_Records for this exercise:_
▬▬▬▬▬▬▬▬▬▬
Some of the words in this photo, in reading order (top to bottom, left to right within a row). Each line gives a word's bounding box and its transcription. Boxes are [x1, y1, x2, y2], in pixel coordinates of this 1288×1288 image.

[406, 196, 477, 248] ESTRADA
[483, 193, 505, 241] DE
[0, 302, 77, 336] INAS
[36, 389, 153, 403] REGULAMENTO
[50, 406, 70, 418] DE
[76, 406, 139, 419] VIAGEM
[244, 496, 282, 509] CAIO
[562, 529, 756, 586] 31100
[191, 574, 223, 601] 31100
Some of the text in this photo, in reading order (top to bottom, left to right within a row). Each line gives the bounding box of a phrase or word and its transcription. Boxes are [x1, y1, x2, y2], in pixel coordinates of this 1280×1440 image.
▬▬▬▬▬▬▬▬▬▬
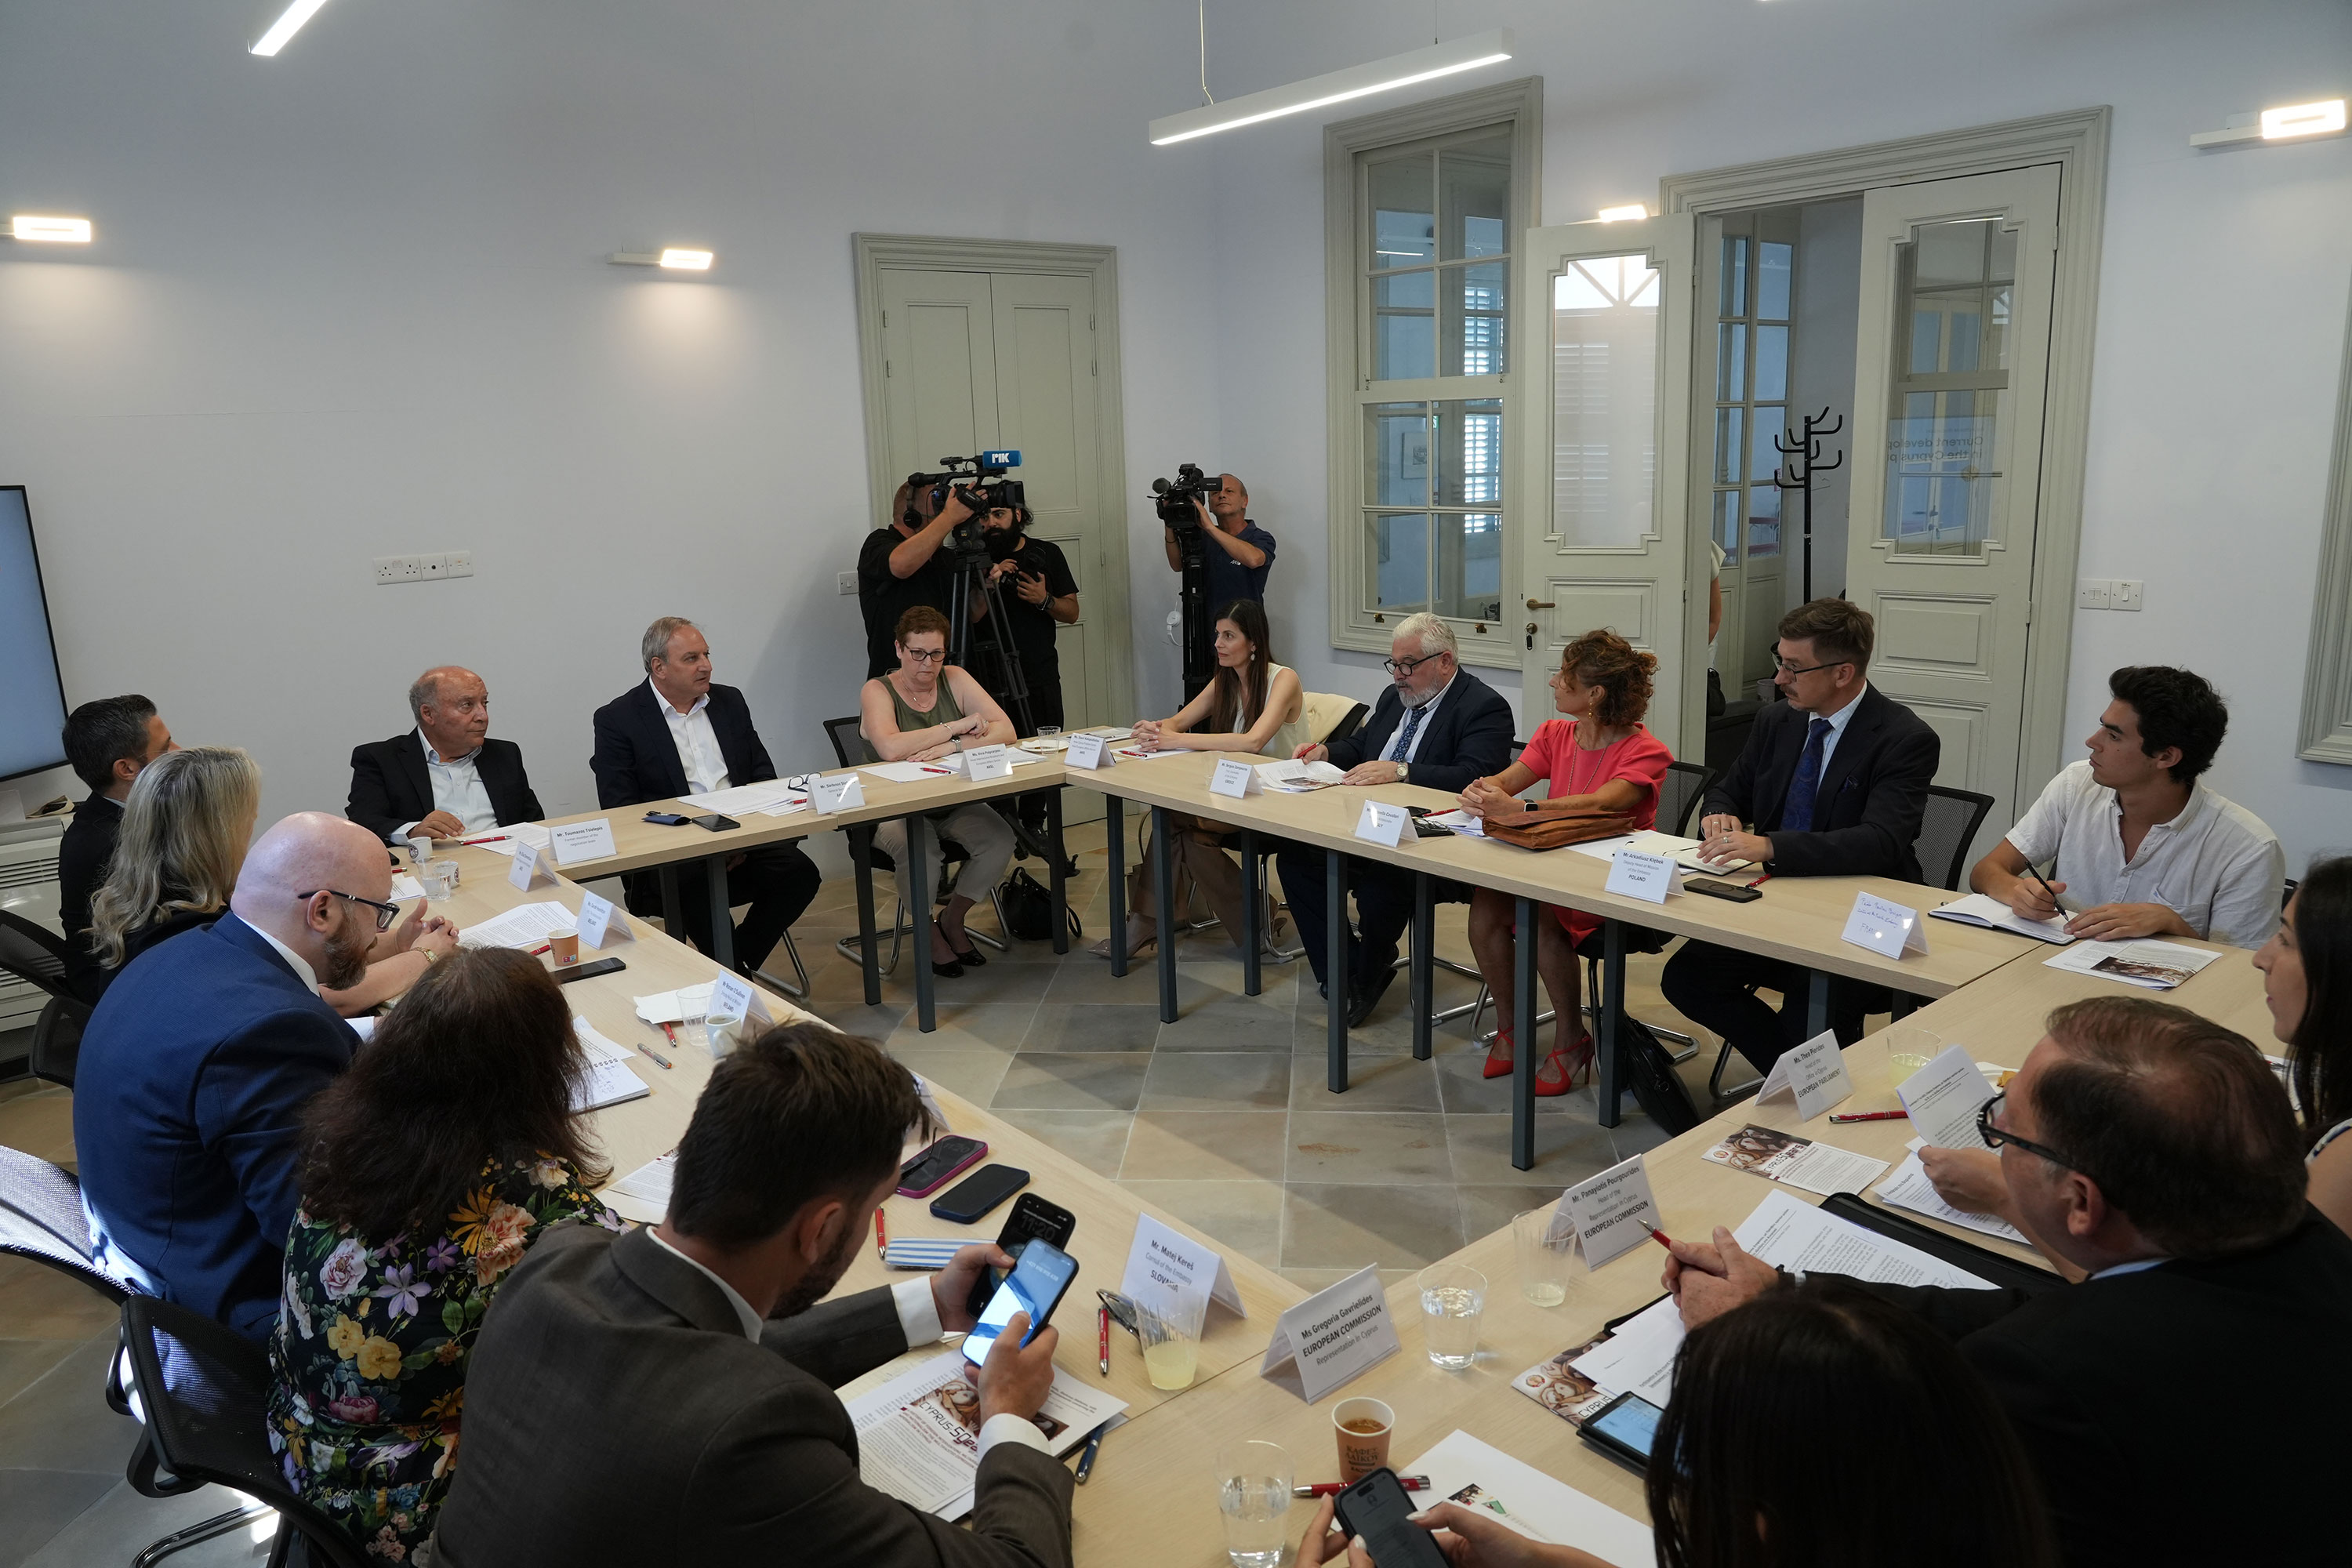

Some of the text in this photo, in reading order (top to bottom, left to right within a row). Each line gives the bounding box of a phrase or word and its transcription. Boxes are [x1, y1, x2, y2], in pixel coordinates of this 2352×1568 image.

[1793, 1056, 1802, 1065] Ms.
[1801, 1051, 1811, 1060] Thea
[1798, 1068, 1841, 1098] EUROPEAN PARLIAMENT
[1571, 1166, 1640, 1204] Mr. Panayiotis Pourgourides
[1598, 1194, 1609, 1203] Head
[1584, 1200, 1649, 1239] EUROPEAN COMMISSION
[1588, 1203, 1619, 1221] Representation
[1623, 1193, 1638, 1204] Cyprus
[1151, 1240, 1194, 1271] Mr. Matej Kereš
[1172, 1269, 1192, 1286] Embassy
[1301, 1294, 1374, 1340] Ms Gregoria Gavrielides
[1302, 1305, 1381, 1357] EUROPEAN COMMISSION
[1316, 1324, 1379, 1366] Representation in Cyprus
▬▬▬▬▬▬▬▬▬▬
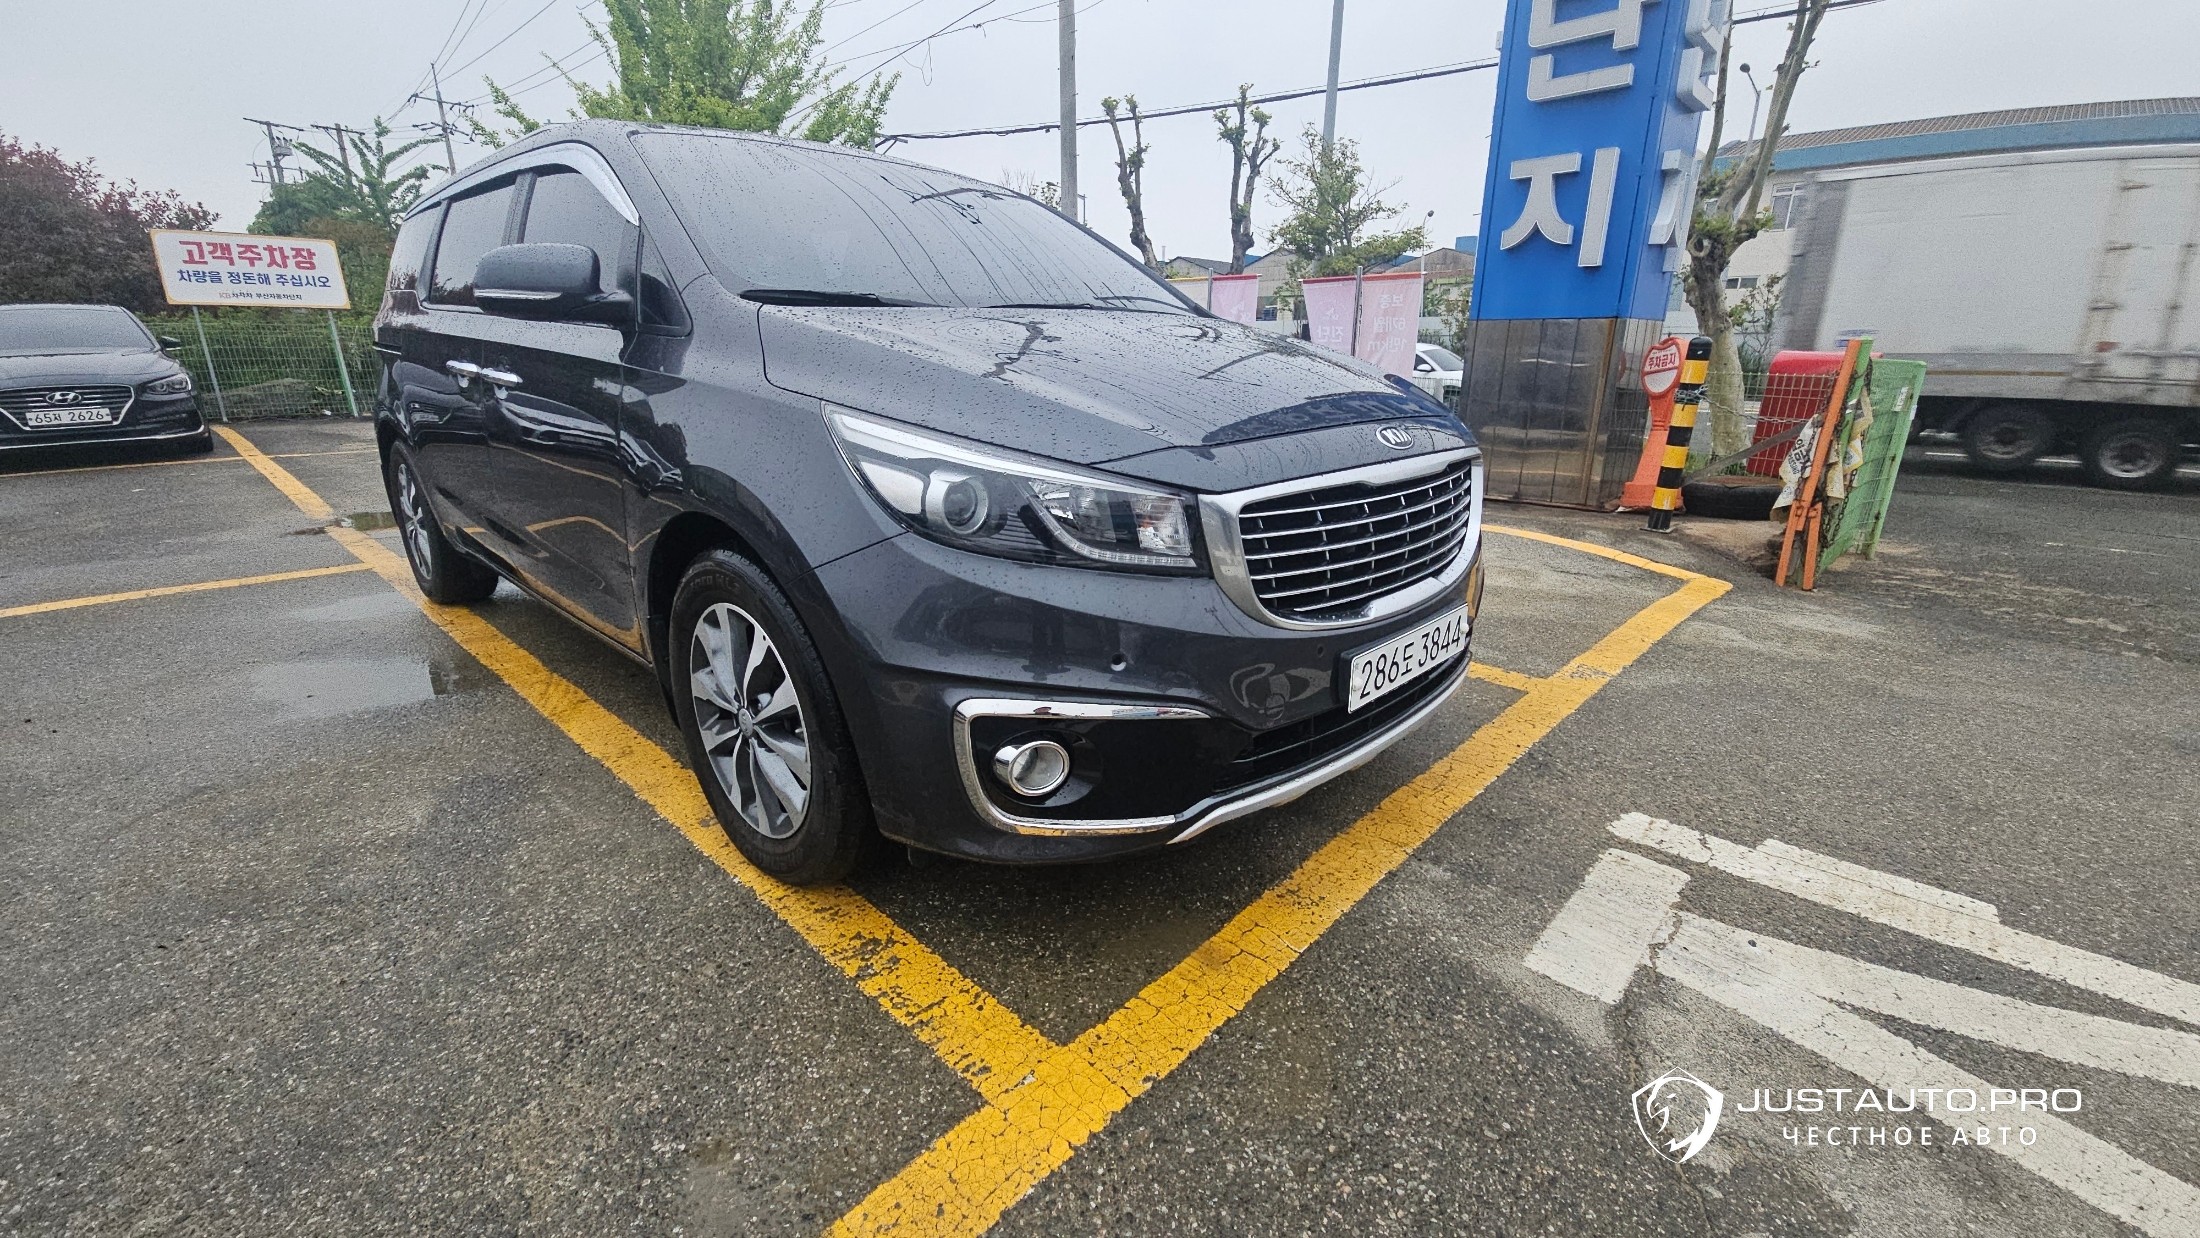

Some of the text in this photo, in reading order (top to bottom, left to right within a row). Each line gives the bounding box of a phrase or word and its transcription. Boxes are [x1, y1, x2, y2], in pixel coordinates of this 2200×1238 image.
▬▬▬▬▬▬▬▬▬▬
_Assignment:_ Look above for the line with "Some of the words" and the line with "this 1280×1440 image."; transcribe both and all lines in between, exactly, and nothing else.

_Response to this task:_
Some of the words in this photo, in reading order (top to bottom, left to right within a row). Each line gives a word's bounding box and its transcription. Boxes are [x1, y1, x2, y2], in pixel coordinates of this 1288×1288 image.

[406, 196, 477, 248] ESTRADA
[483, 193, 505, 241] DE
[0, 302, 77, 336] INAS
[36, 389, 153, 403] REGULAMENTO
[50, 406, 70, 418] DE
[76, 406, 139, 419] VIAGEM
[244, 496, 282, 509] CAIO
[562, 529, 756, 586] 31100
[191, 574, 223, 601] 31100
Some of the text in this photo, in reading order (top to bottom, left to right within a row). Each line gives the bounding box of a phrase or word and its transcription. Boxes are [x1, y1, x2, y2], in pixel coordinates of this 1280×1440 image.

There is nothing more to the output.